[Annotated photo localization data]
BEGIN
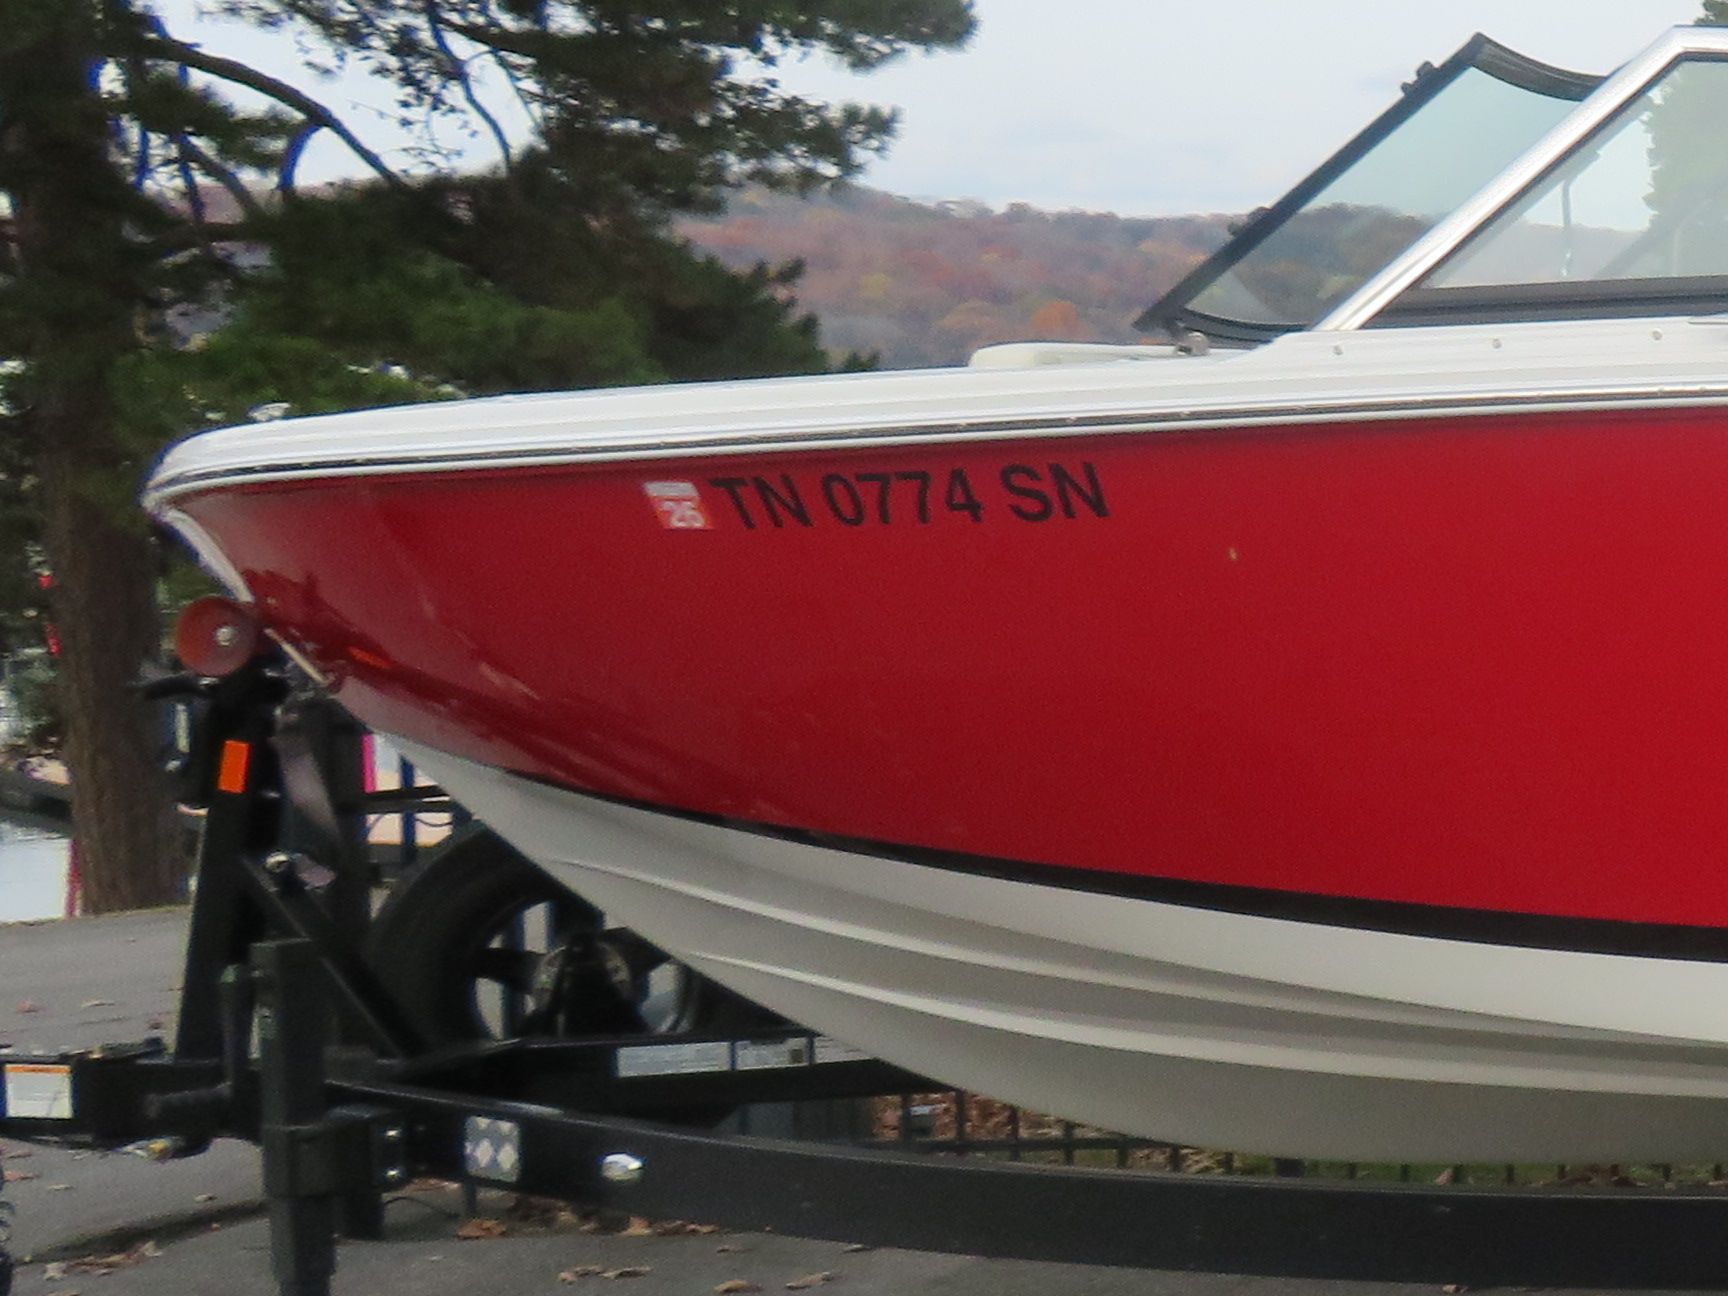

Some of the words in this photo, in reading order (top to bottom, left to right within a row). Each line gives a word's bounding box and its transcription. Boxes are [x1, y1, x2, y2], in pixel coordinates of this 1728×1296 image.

[709, 474, 813, 529] TN
[821, 467, 985, 526] 0774
[1001, 461, 1109, 522] SN
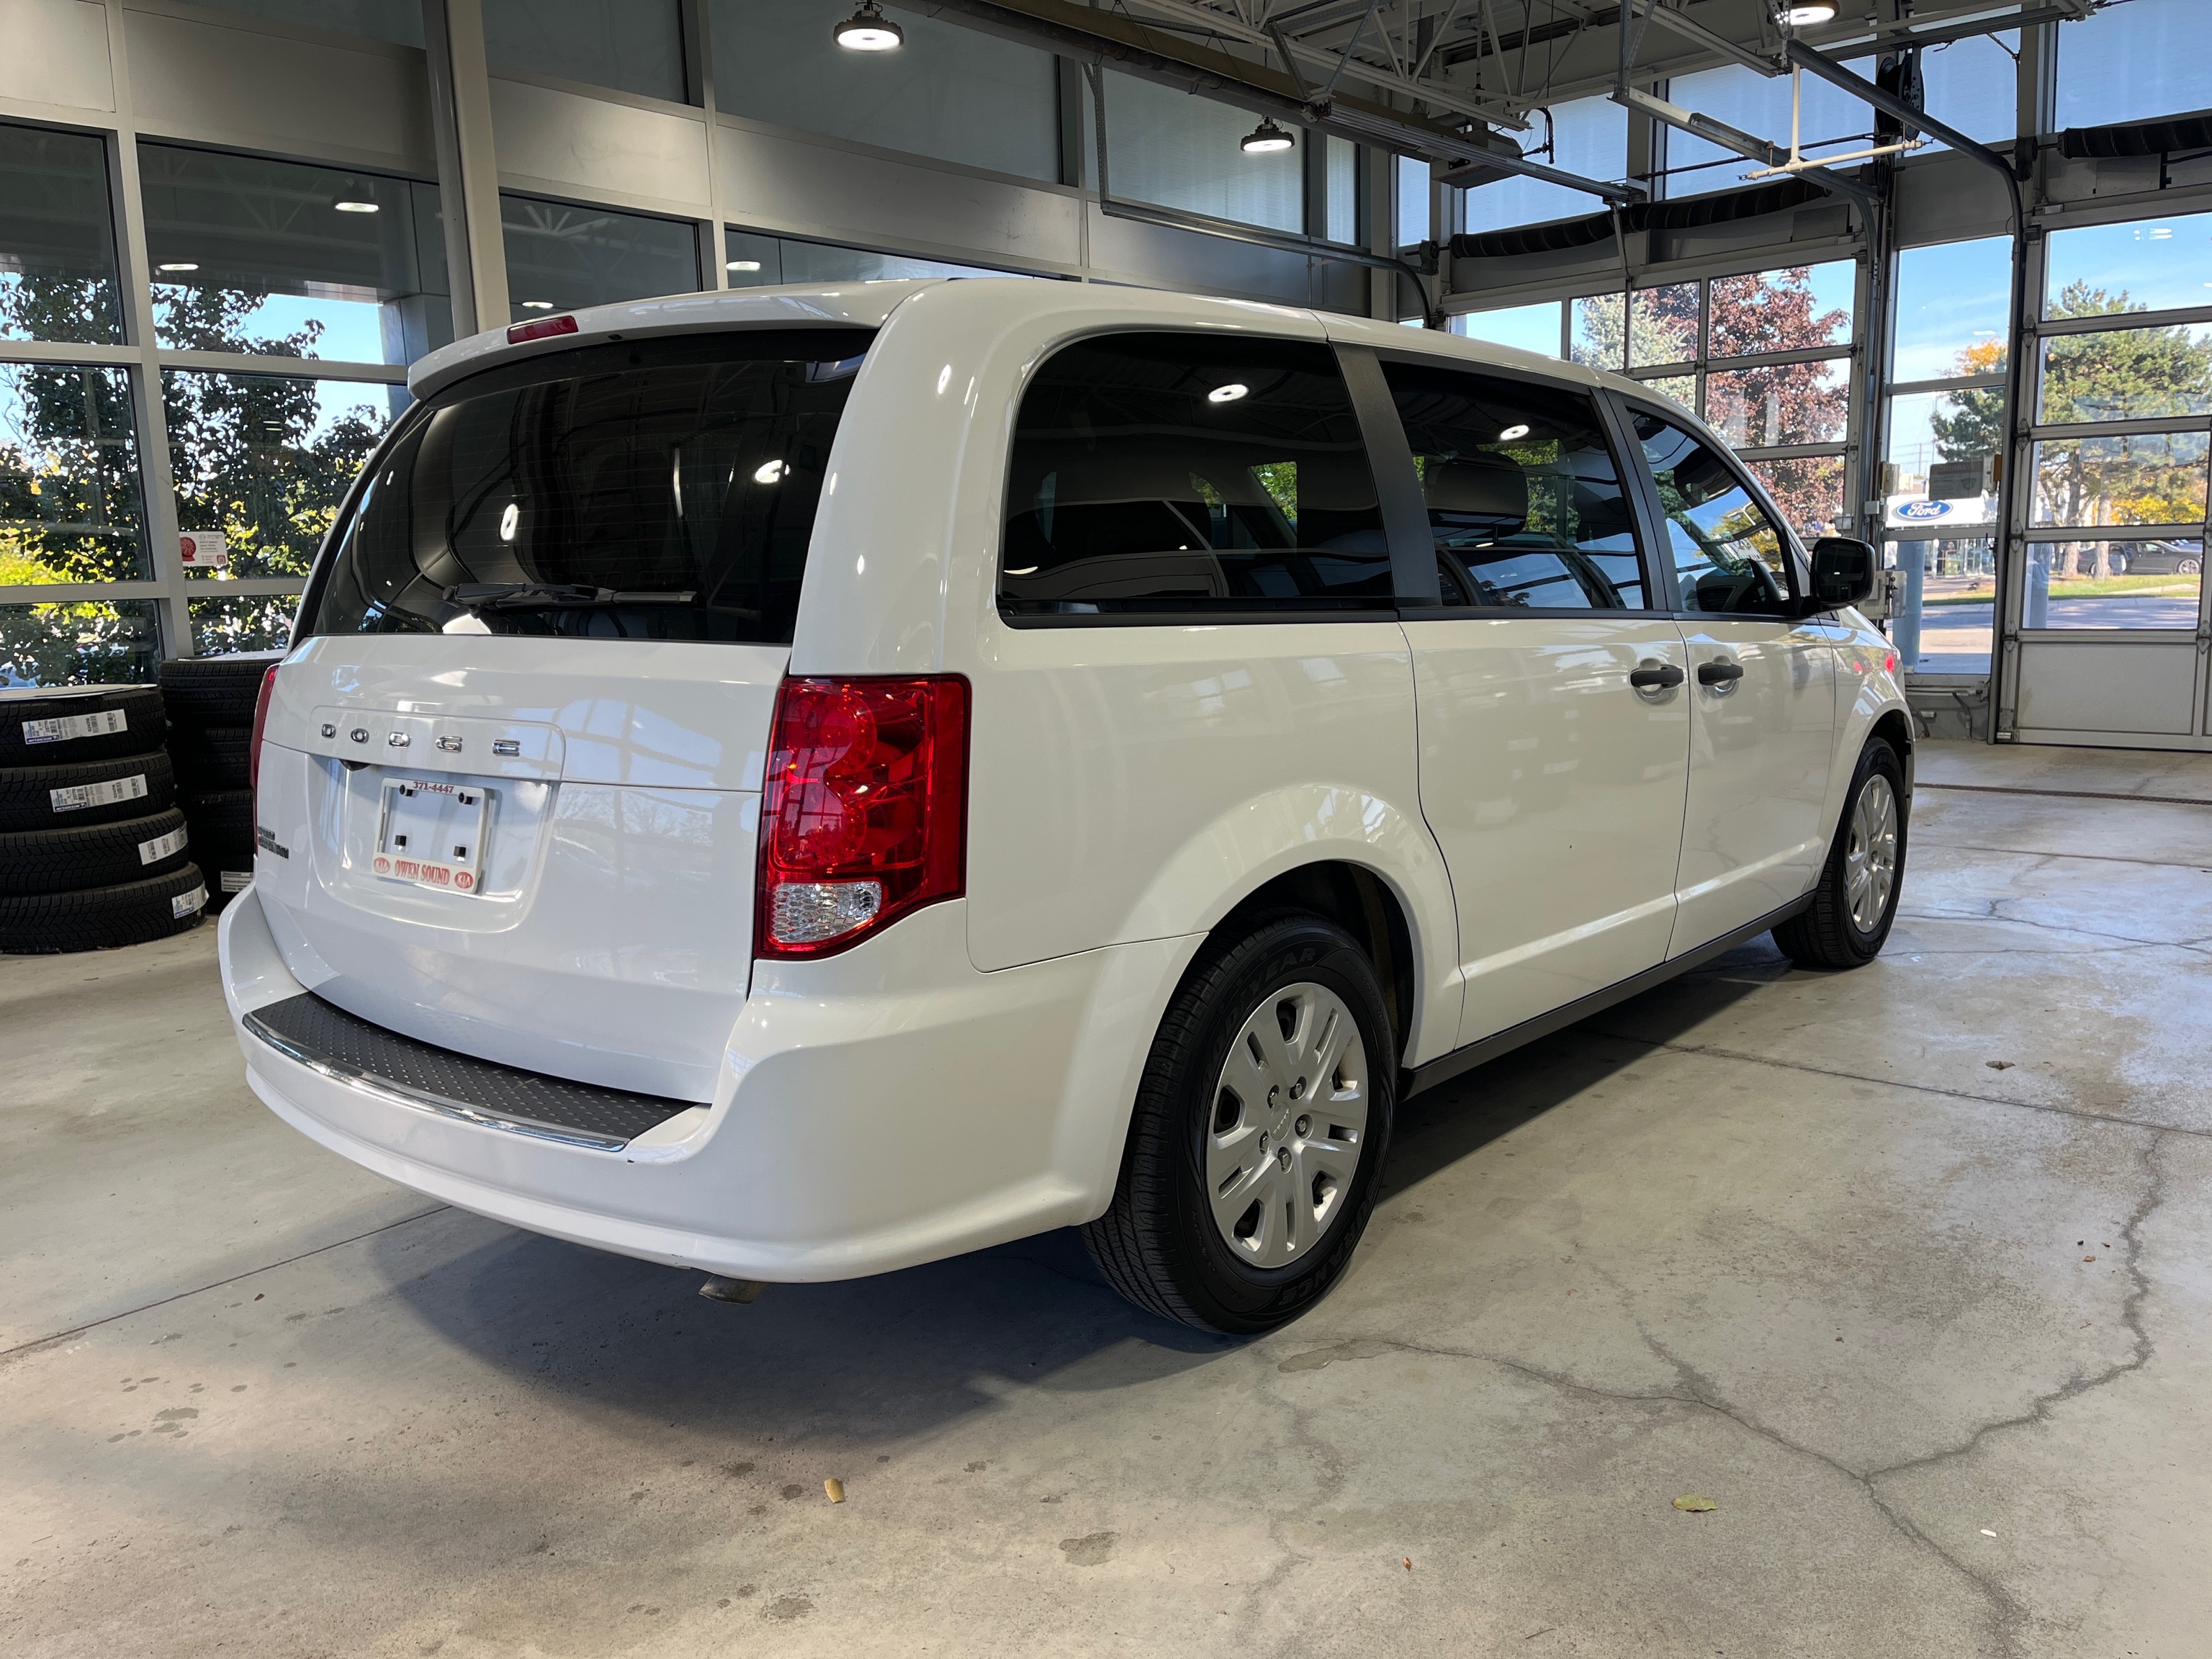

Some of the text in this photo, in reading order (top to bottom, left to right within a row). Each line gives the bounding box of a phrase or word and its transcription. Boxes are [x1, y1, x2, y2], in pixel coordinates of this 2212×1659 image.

[1907, 502, 1942, 516] Ford
[321, 723, 521, 757] DODGE
[413, 781, 454, 793] 371-4447
[395, 860, 420, 880] OWEN
[421, 864, 450, 886] SOUND
[455, 873, 472, 888] KIA
[1194, 948, 1316, 1126] GOODYEAR
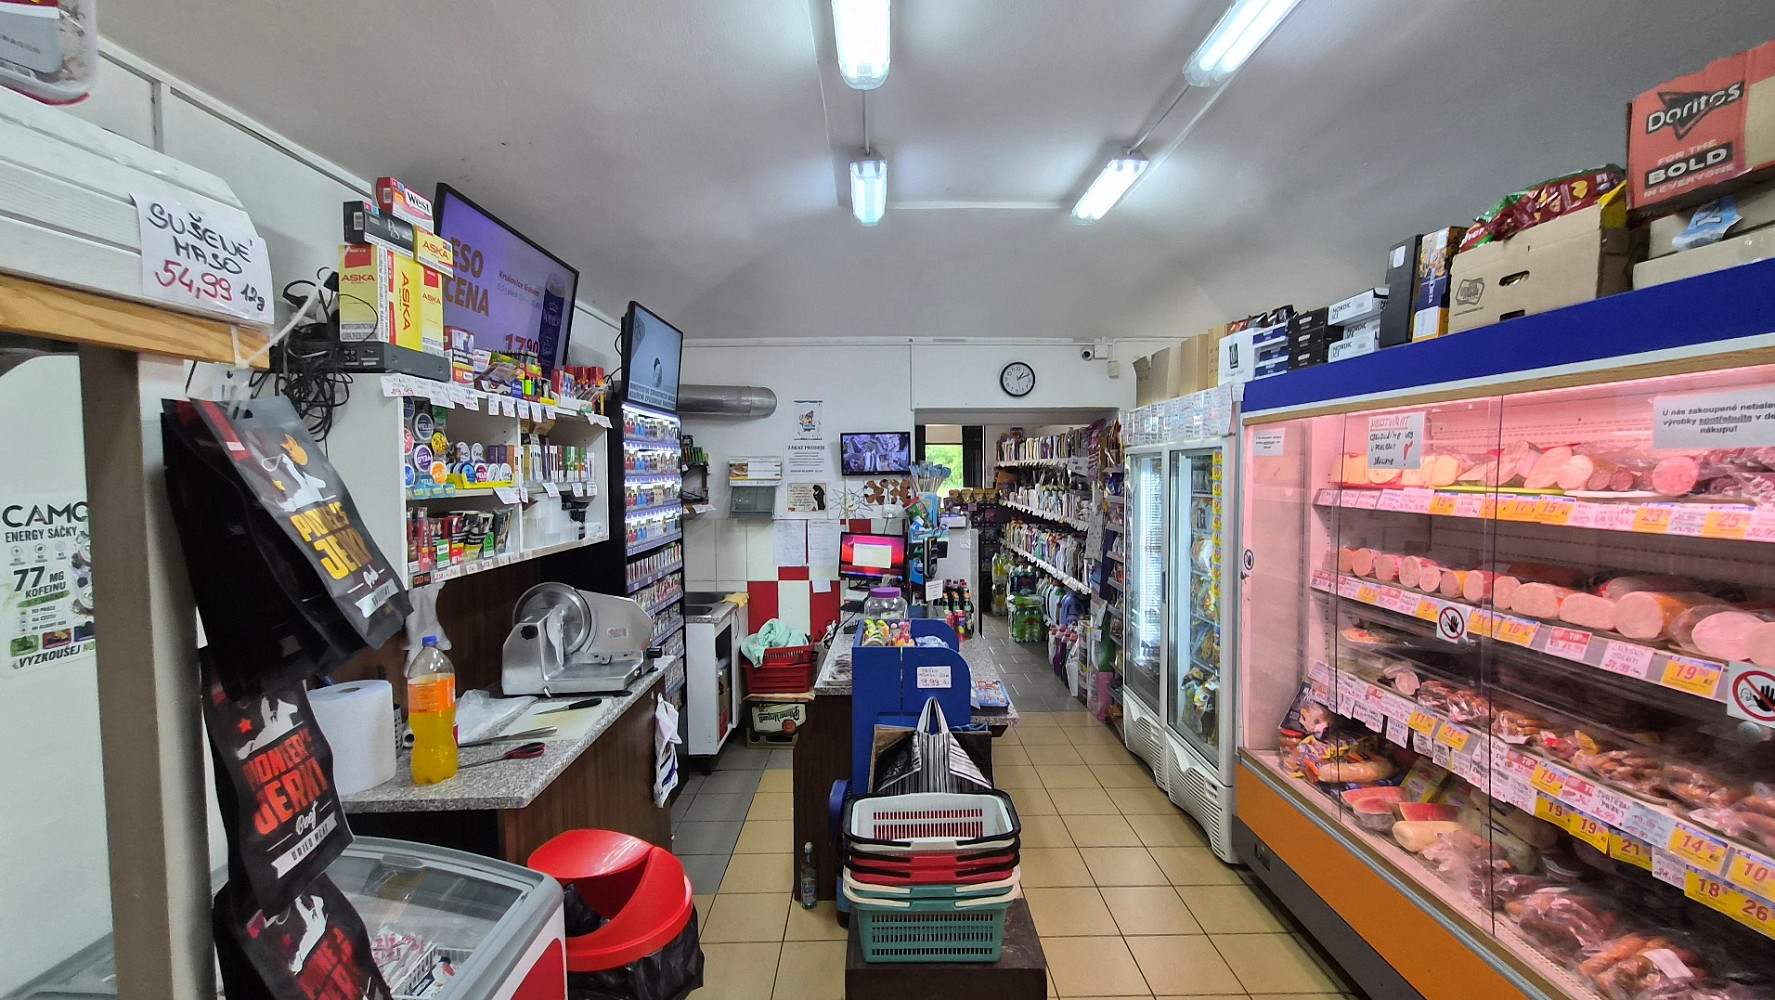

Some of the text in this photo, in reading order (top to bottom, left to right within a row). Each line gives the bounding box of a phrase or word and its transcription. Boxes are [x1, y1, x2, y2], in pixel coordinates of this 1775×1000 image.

[1648, 83, 1741, 132] Doritos
[1657, 139, 1718, 166] FOR THE
[1648, 148, 1727, 185] BOLD
[1643, 163, 1735, 199] IN EVERYONE
[407, 192, 430, 213] West
[422, 240, 450, 261] ASKA
[155, 259, 233, 302] 54,99
[341, 274, 375, 282] ASKA
[400, 272, 411, 331] ASKA
[422, 292, 441, 305] ASKA
[444, 275, 489, 317] CENA
[1671, 408, 1686, 416] nás
[1688, 404, 1738, 415] zakoupené
[1663, 417, 1697, 428] výrobky
[1699, 414, 1752, 425] spotřebujte
[1700, 425, 1738, 434] nákupu!
[5, 525, 78, 543] ENERGY SÁČKY
[13, 565, 65, 592] 77 MG
[25, 581, 67, 599] KOFEINU
[19, 644, 81, 668] VYZKOUŠEJ
[1676, 664, 1698, 680] 19
[1540, 769, 1557, 784] 19
[295, 800, 319, 836] Beef
[1548, 802, 1563, 817] 19
[1581, 818, 1597, 835] 19
[291, 838, 314, 861] DRIED
[1620, 839, 1640, 856] 21
[1682, 835, 1704, 853] 14
[1743, 862, 1768, 882] 10
[1698, 878, 1720, 898] 18
[1742, 899, 1768, 922] 26
END
• [Work to complete]
Each word of the data should be repeated exactly, and the pictures left out.

• [Exercise answer]
Some of the words in this photo, in reading order (top to bottom, left to right within a row). Each line gives a word's bounding box and its transcription. Boxes are [x1, y1, x2, y2], in pixel coordinates of this 1728×1296 image.

[709, 474, 813, 529] TN
[821, 467, 985, 526] 0774
[1001, 461, 1109, 522] SN

Some of the text in this photo, in reading order (top to bottom, left to right within a row). Each line gives the bounding box of a phrase or word and its transcription. Boxes are [x1, y1, x2, y2], in pixel coordinates of this 2212×1659 image.

[1907, 502, 1942, 516] Ford
[321, 723, 521, 757] DODGE
[413, 781, 454, 793] 371-4447
[395, 860, 420, 880] OWEN
[421, 864, 450, 886] SOUND
[455, 873, 472, 888] KIA
[1194, 948, 1316, 1126] GOODYEAR

Some of the text in this photo, in reading order (top to bottom, left to right within a row). Each line gives the bounding box of a phrase or word and its transcription. Boxes are [x1, y1, x2, y2], in pixel coordinates of this 1775×1000 image.

[1648, 83, 1741, 132] Doritos
[1657, 139, 1718, 166] FOR THE
[1648, 148, 1727, 185] BOLD
[1643, 163, 1735, 199] IN EVERYONE
[407, 192, 430, 213] West
[422, 240, 450, 261] ASKA
[155, 259, 233, 302] 54,99
[341, 274, 375, 282] ASKA
[400, 272, 411, 331] ASKA
[422, 292, 441, 305] ASKA
[444, 275, 489, 317] CENA
[1671, 408, 1686, 416] nás
[1688, 404, 1738, 415] zakoupené
[1663, 417, 1697, 428] výrobky
[1699, 414, 1752, 425] spotřebujte
[1700, 425, 1738, 434] nákupu!
[5, 525, 78, 543] ENERGY SÁČKY
[13, 565, 65, 592] 77 MG
[25, 581, 67, 599] KOFEINU
[19, 644, 81, 668] VYZKOUŠEJ
[1676, 664, 1698, 680] 19
[1540, 769, 1557, 784] 19
[295, 800, 319, 836] Beef
[1548, 802, 1563, 817] 19
[1581, 818, 1597, 835] 19
[291, 838, 314, 861] DRIED
[1620, 839, 1640, 856] 21
[1682, 835, 1704, 853] 14
[1743, 862, 1768, 882] 10
[1698, 878, 1720, 898] 18
[1742, 899, 1768, 922] 26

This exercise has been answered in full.